Este motociclista se sentó en el suelo durante 12 horas sosteniendo a mi bebé enfermo mientras yo odiaba su apariencia.
Sin anillo de bodas. Sin nadie a quien llamar a las dos de la mañana. Cómo lo aguantaste todo porque no tenías a nadie en quien apoyarte. —Sonrió con tristeza—. Reconozco la fuerza cuando la veo. Incluso cuando apenas aguanta.
Antes de irse, lo detuve.
¿Thomas? Deberían revisarte la mano.
—Lo sé. Lo haré radiografiar ahora mismo. —Se detuvo en la puerta—. Gracias.
¿Para qué? Me ayudaste.
Por dejarme. La mayoría de los padres se habrían quejado a seguridad antes que dejar que alguien como yo se acercara a su bebé. Me diste una oportunidad. Eso significa mucho más de lo que crees.
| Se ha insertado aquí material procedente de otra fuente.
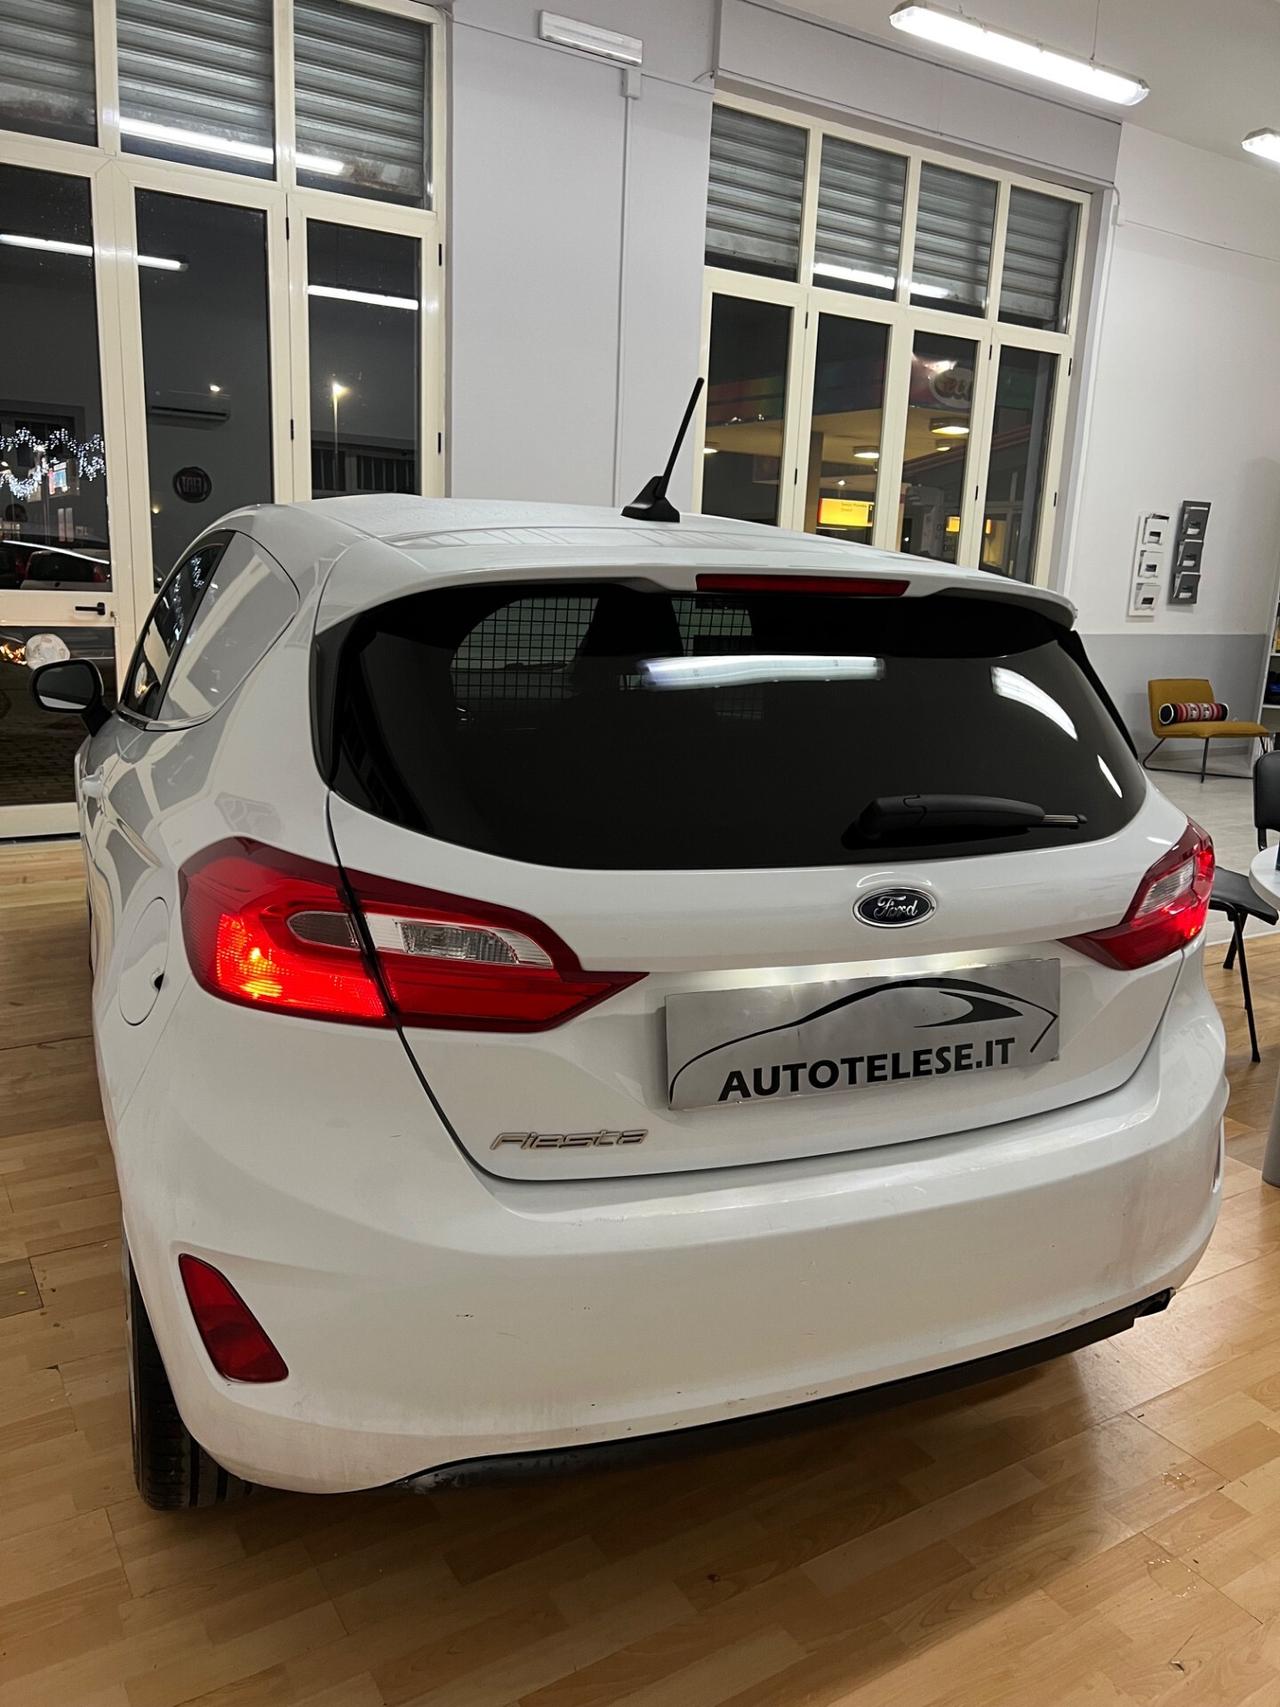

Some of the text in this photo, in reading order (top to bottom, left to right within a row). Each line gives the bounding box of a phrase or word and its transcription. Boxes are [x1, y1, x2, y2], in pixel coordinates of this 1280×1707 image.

[873, 895, 919, 920] Ford
[717, 1037, 1016, 1102] AUTOTELESE.IT
[489, 1128, 649, 1151] Fiesta
Él se fue y yo me quedé allí sentada, abrazando a mi hija que se recuperaba, pensando en los ángeles, las apariciones y las suposiciones que hacemos.
Dos semanas después, llevé a Lily al Hospital Infantil para su cita de seguimiento. Pregunté por Thomas en la enfermería.
Lo encontré allí, sosteniendo a un bebé prematuro tan pequeño que cabía en una de sus enormes manos. Tarareaba la misma melodía. Ahora llevaba ropa quirúrgica, sus tatuajes aún visibles en los brazos, pero de alguna manera se veía completamente diferente. Más suave. Más tierno.
“¿Tomás?”
Levantó la vista, sorprendido. "¿La mamá de Lily? ¿Está todo bien?"
Todo perfecto. Solo quería agradecerte de nuevo. Y darte esto.
Thomas lo leyó con lágrimas en los ojos.
“No tenías por qué hacer esto”
—Sí, lo hice. Me enseñaste algo importante esa noche.